Rabbit Polyclonal Antibody to S. pyogenes CAS9
Cat# RPCA-CAS9-Sp
$150.00 – $1,000.00
A recent revolution in biology has been stimulated by the discovery of CRISPR, or “Clustered Regularly Interspaced Short Palindromic Repeats” and the understanding of the “CRISPR Associated” enzymes (CAS 1,2). The CRISPR repeated sequences are found in bacterial genomes and function as part of unique bacterial immune system which contain short DNA sequences derived from viruses which have infected the bacteria. These virally derived sequences can make short RNA sequences which can hybridize with specific viral DNA and target a nuclease, such as CAS9, to the viral sequence. So CAS9 is directed to cleave the specific viral sequence and so inactivate the virus. The RNA sequence can be designed to specifically cut DNA virtually anywhere, including in the genomes of living human and other mammalian cells, allowing inexpensive gene editing with unprecedented ease. For example three groups of researchers essentially cured the disease state in a mouse model of Duchenne muscular dystrophy (3-5). A similar approach essentially cured dogs affected with a related disease state (6). Several varieties of CAS9 have been studied and there are several other related enzymes with similar properties. Much of the early work was performed with CAS9 from Streptococcus pyogenes which is rather large at ~158kDa, so the corresponding DNA is also rather large at about 4.2kb. This is problematic with some expression systems especially since DNA encoding RNA sequences and possibly other regulatory elements are usually required. The CAS9 gene of Staphylococcus aureus is significantly smaller, 3kb, producing a protein of 124kDa (7). For an excellent recent review of the various CAS family enzymes and their utility see reference 8.

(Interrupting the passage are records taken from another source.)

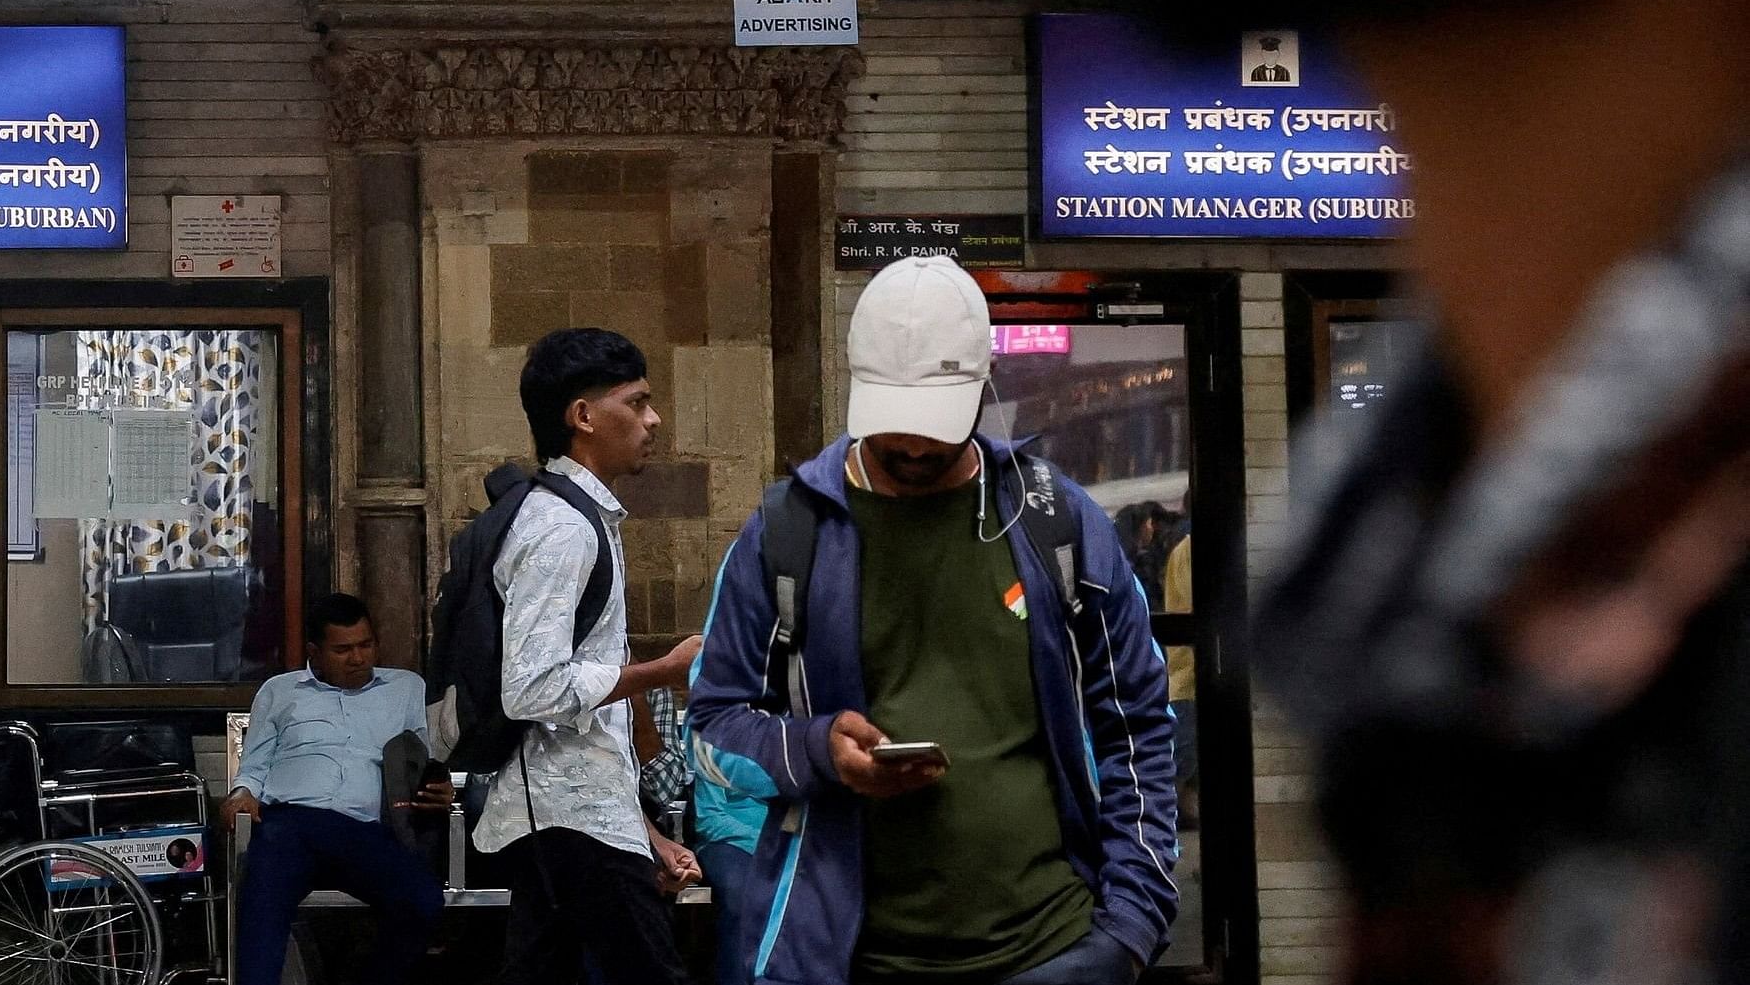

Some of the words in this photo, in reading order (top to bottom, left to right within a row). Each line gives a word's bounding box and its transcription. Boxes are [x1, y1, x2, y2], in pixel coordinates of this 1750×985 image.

[740, 18, 852, 33] ADVERTISING
[1084, 100, 1170, 131] स्टेशन
[1183, 100, 1274, 131] प्रबंधक
[1084, 143, 1171, 175] स्टेशन
[1183, 143, 1275, 175] प्रबंधक
[1056, 197, 1165, 219] STATION
[1171, 197, 1304, 219] MANAGER
[1309, 196, 1416, 224] (SUBURB
[841, 246, 871, 257] Shri.
[875, 246, 889, 257] R.
[893, 246, 906, 257] K.
[910, 246, 959, 258] PANDA
[121, 855, 140, 864] AST
[142, 854, 166, 863] MILE

The RPCA-CAS9-Sp antibody was made against a mixture of two recombinant S. pyogenese constructs, specifically amino acids 1-608 and 814-1372. It can be used to verify the expression of S. pyogenes CAS9 in cells and in tissues. EnCor also markets a mouse monoclonal to S. pyogenes CAS9, MCA-3F9. EnCor also manufactures a mouse monoclonal and a rabbit polyclonal antibody against the smaller CAS9 homologue from S. aureus, MCA-3F9 and RPCA-CAS9-Sa. Mouse select image at left for larger view.
1. Hsu PD, Lander ES, Zhang F. Development and Applications of CRISPR-Cas9 for Genome Engineering. Cell 157:1262-78 (2014).

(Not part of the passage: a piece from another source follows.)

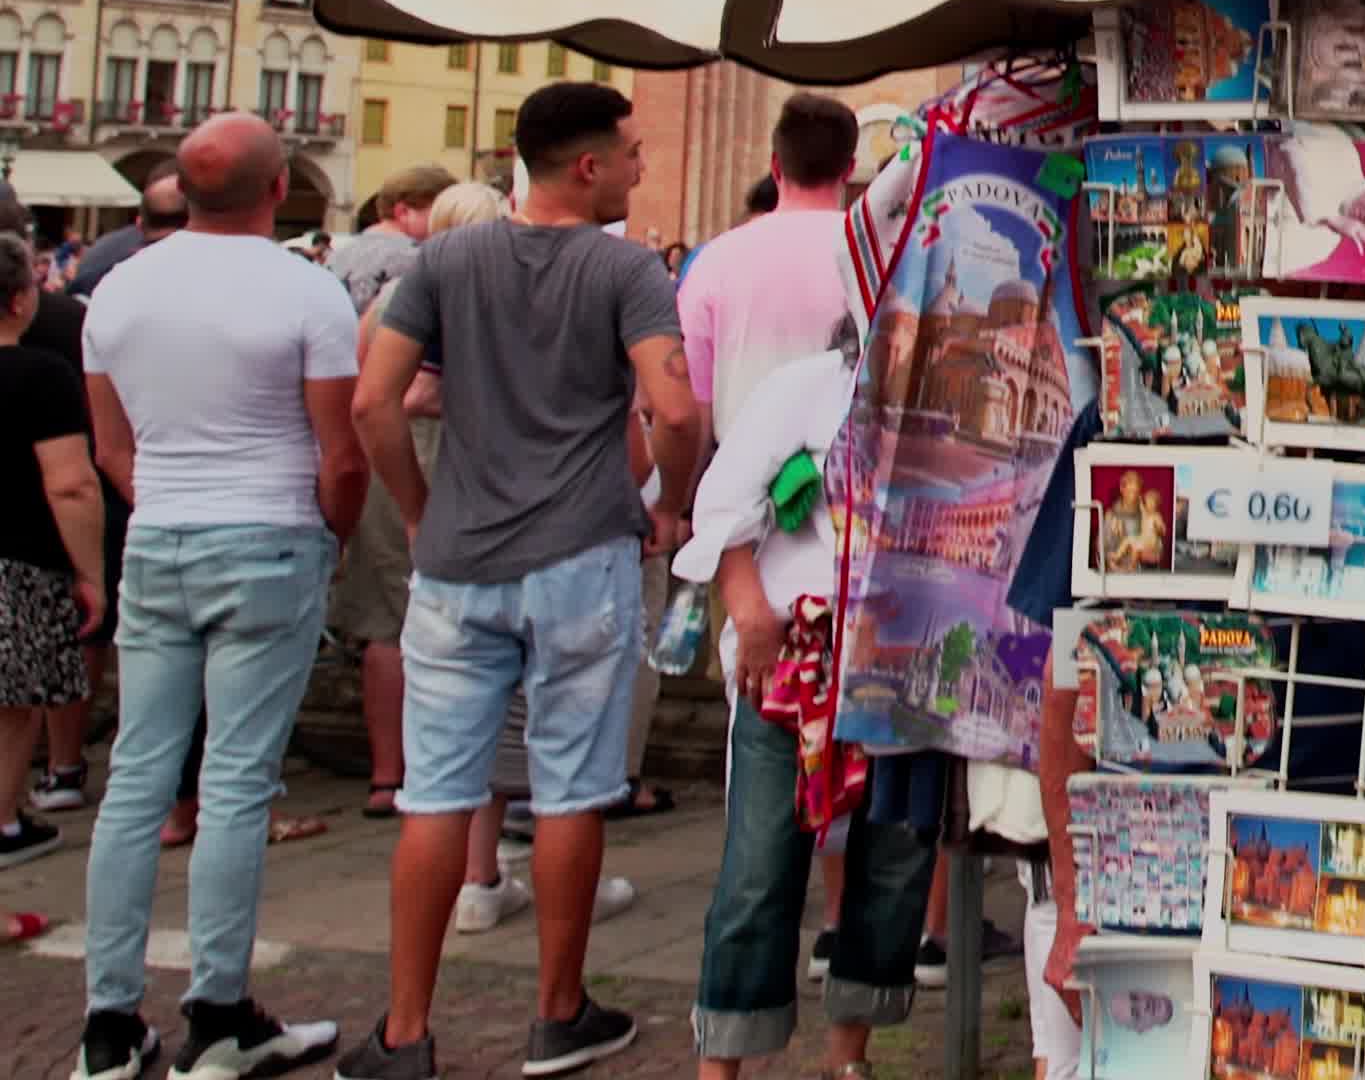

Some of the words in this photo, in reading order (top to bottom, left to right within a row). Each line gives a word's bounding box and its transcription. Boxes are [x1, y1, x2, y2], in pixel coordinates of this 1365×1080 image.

[947, 182, 1042, 219] PADOVA
[1206, 487, 1232, 520] €
[1199, 628, 1252, 648] PADOVA

2. Doudna1 JA, Charpentier E. The new frontier of genome engineering with CRISPR-Cas9 Science 346:1077-86 (2014)
3. Long C, et al. Postnatal genome editing partially restores dystrophin expression in a mouse model of muscular dystrophy. Science 351:400-3 (2015).
4. Nelson CE, et al. In vivo genome editing improves muscle function in a mouse model of Duchenne muscular dystrophy. Science 351:403-7 (2015).
5. Tabebordbar M, et al. In vivo gene editing in dystrophic mouse muscle and muscle stem cells. Science 351:407-11 (2015).
6. Amoasii L. et al. Gene editing restores dystrophin expression in a canine model of Duchenne muscular dystrophy.
Science doi:10.1126/science.aau1549 (2018).
7. Ran FA, et al. In vivo genome editing using Staphylococcus aureus Cas9. Nature 520:186-91 (2015).
8. Knott GJ, Doudna J. CRISPR-Cas guides the future of genetic engineering. Science 361:866-9 (2018).